» What the task asks
Start at the line that contains "Some of the text". Repeat it and each line after it, exactly, up to and including the final line of the data.

Stored records
▬▬▬▬▬▬▬▬▬▬

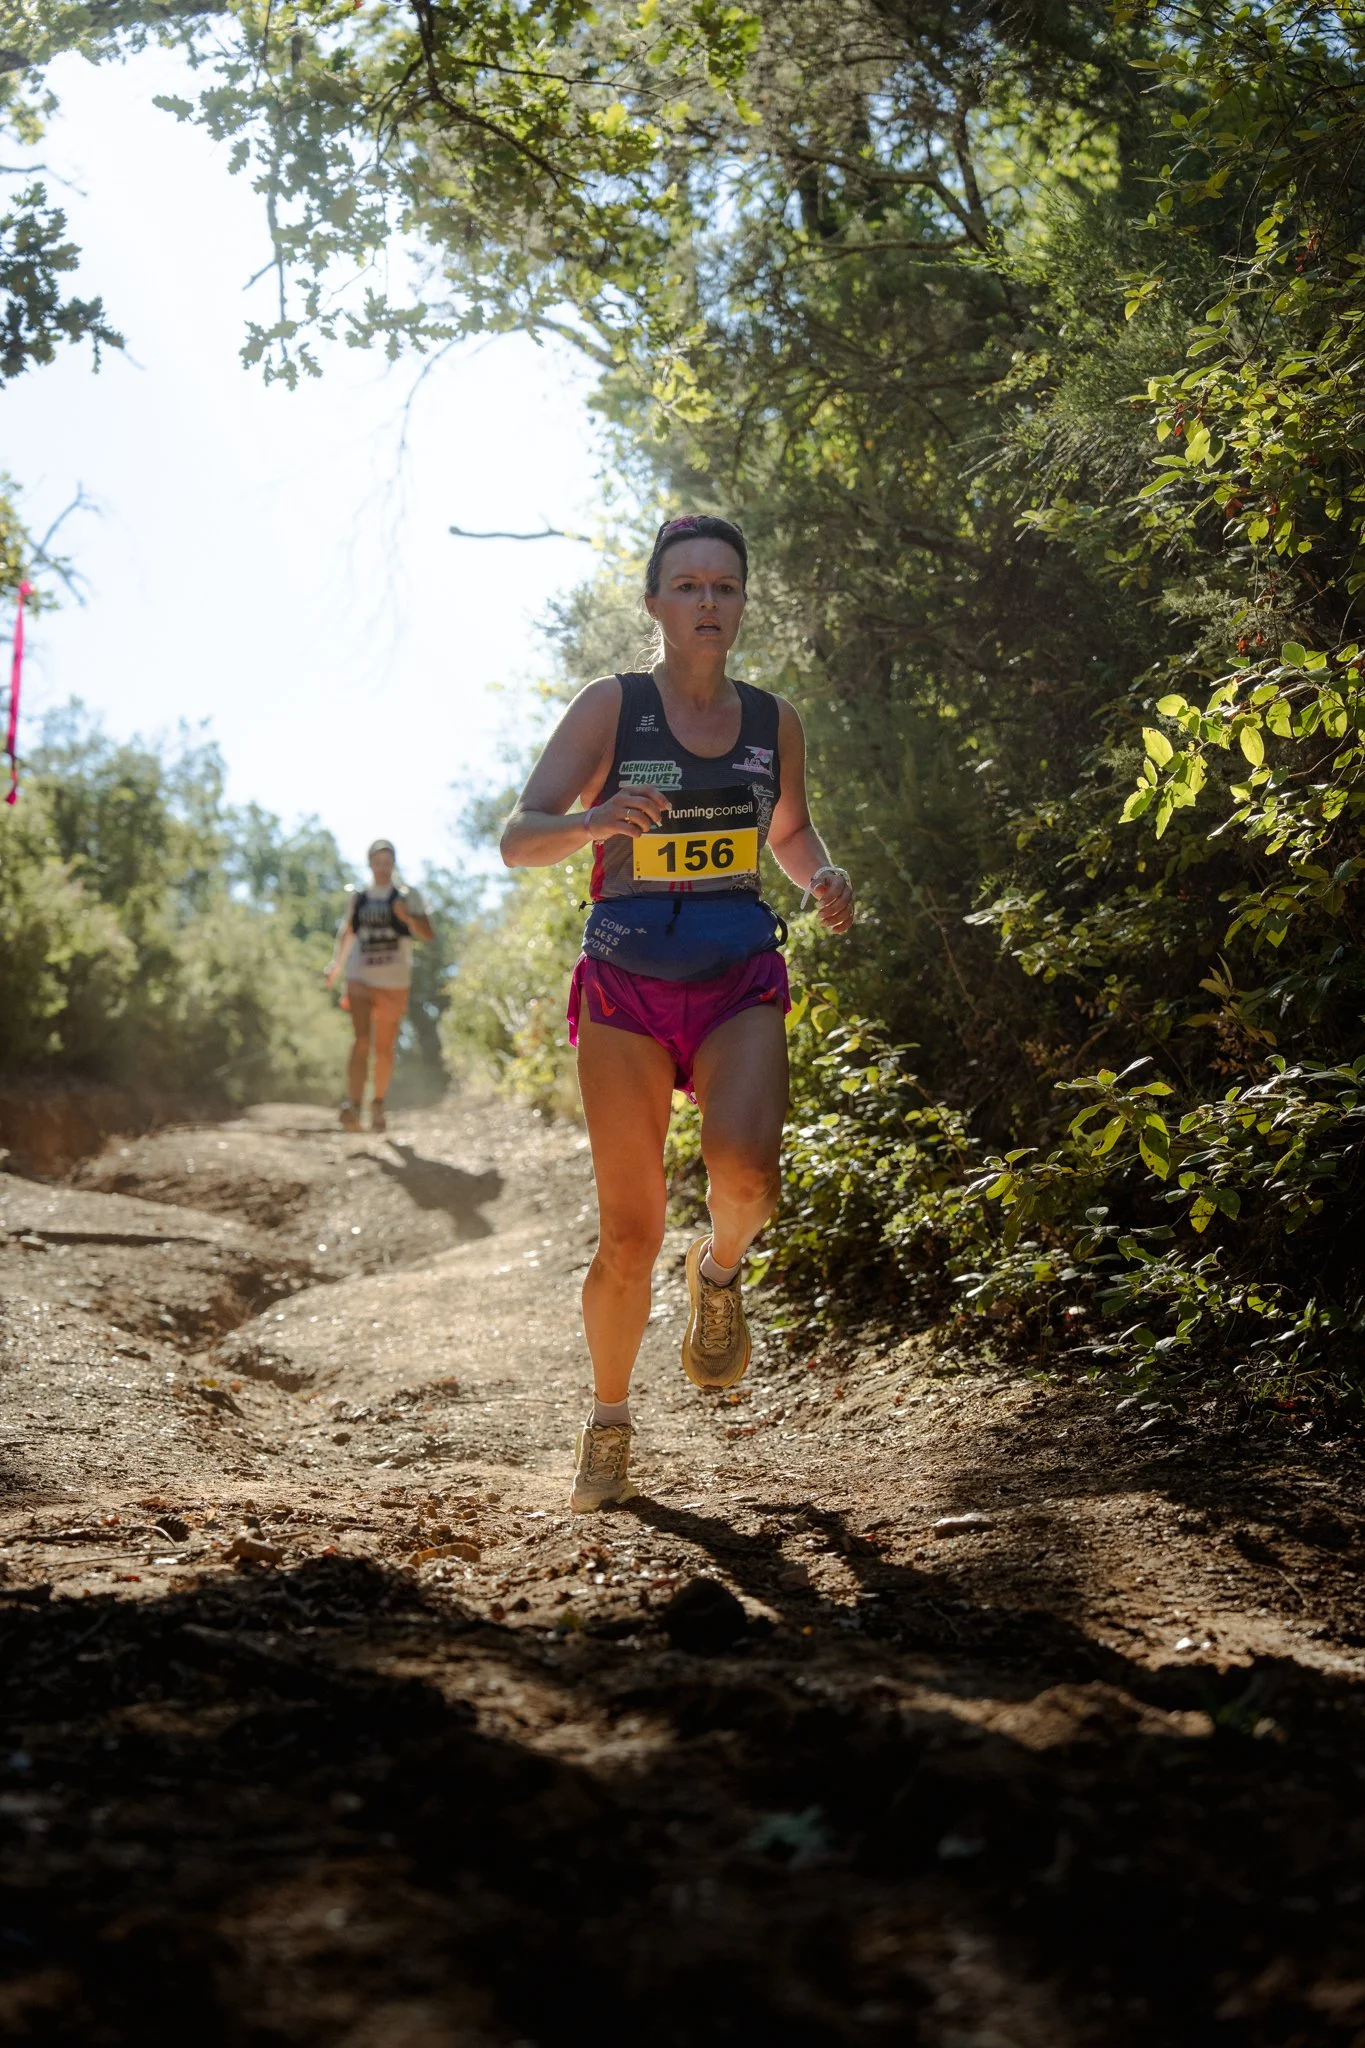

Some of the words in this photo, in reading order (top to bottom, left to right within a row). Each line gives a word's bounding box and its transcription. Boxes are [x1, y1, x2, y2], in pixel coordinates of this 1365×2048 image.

[620, 762, 674, 773] MENUISERIE
[631, 773, 681, 784] FAUVET
[668, 801, 753, 819] runningconseil
[657, 838, 735, 872] 156
[600, 918, 631, 936] COMP
[594, 927, 620, 946] RESS
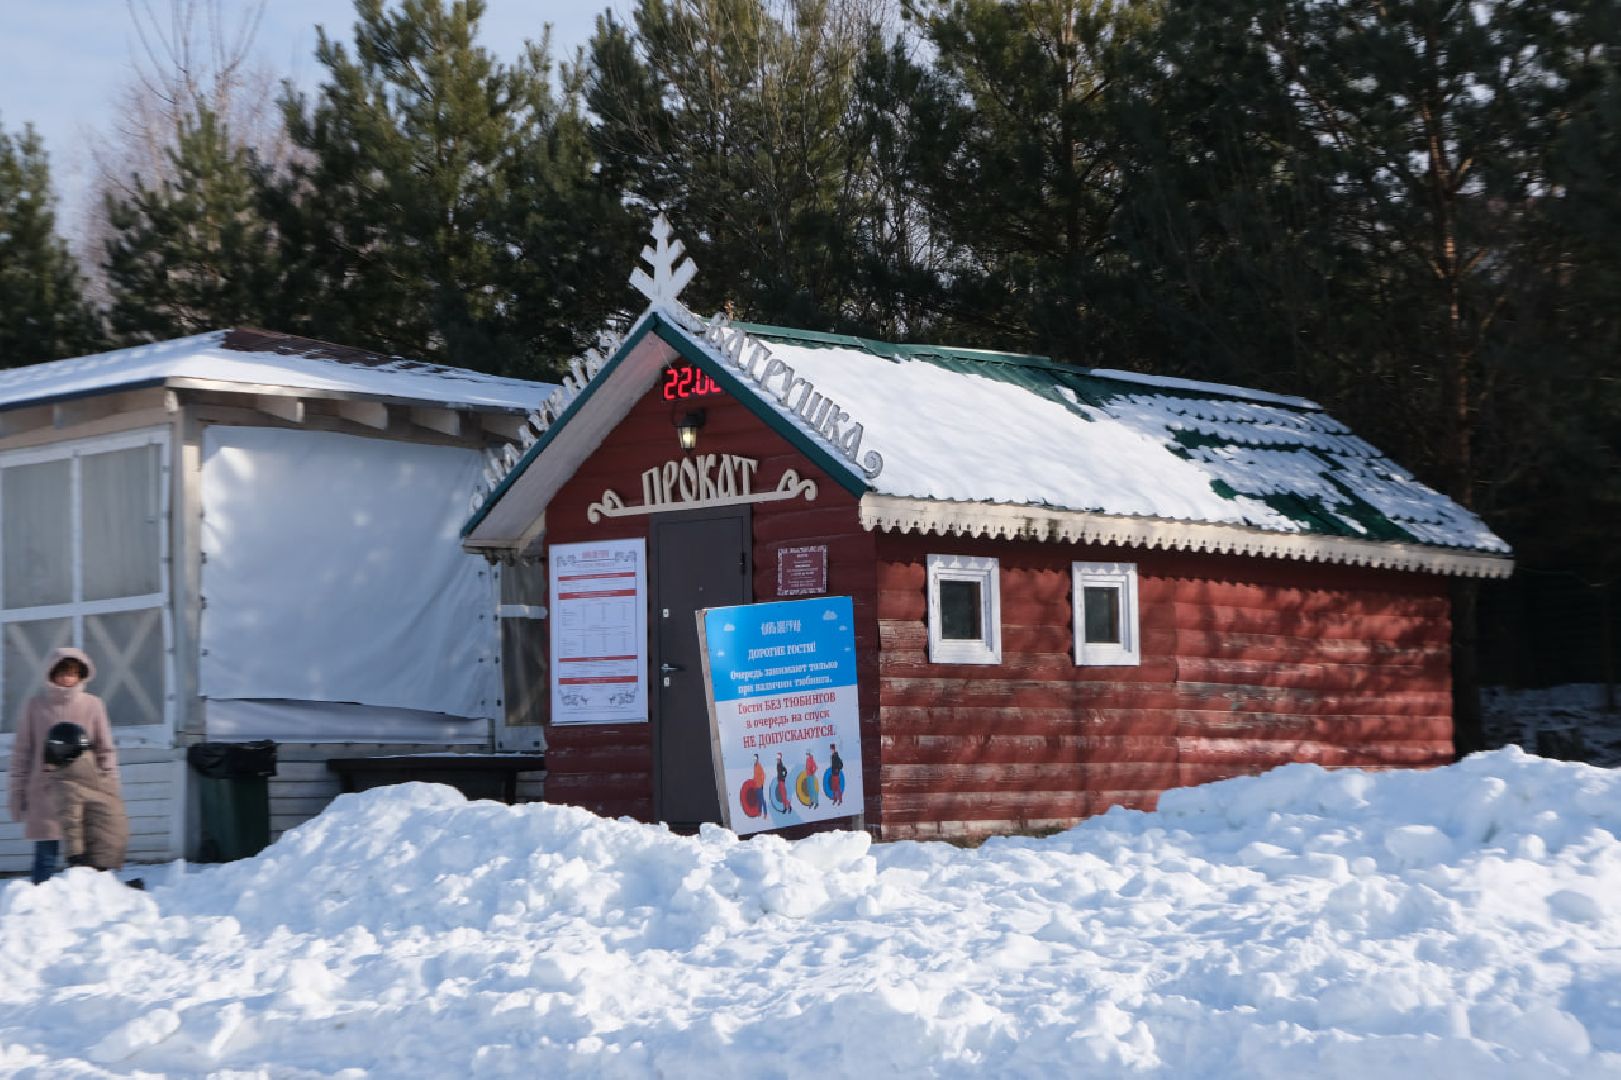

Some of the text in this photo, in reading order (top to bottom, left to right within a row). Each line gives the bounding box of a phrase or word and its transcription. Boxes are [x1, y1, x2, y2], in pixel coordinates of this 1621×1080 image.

[641, 453, 759, 506] ПРОКАТ
[748, 646, 785, 661] ДОРОГИЕ
[738, 692, 836, 714] Гости БЕЗ ТЮБИНГОВ
[753, 715, 789, 729] очередь
[791, 713, 802, 722] на
[804, 709, 830, 722] спуск
[743, 735, 757, 749] НЕ

▬▬▬▬▬▬▬▬▬▬

» Response to the task
Some of the text in this photo, in reading order (top to bottom, left to right within a row). Each line gives the bounding box of a phrase or word and its transcription. Boxes are [x1, y1, x2, y2], in pixel coordinates of this 1621×1080 image.

[641, 453, 759, 506] ПРОКАТ
[748, 646, 785, 661] ДОРОГИЕ
[738, 692, 836, 714] Гости БЕЗ ТЮБИНГОВ
[753, 715, 789, 729] очередь
[791, 713, 802, 722] на
[804, 709, 830, 722] спуск
[743, 735, 757, 749] НЕ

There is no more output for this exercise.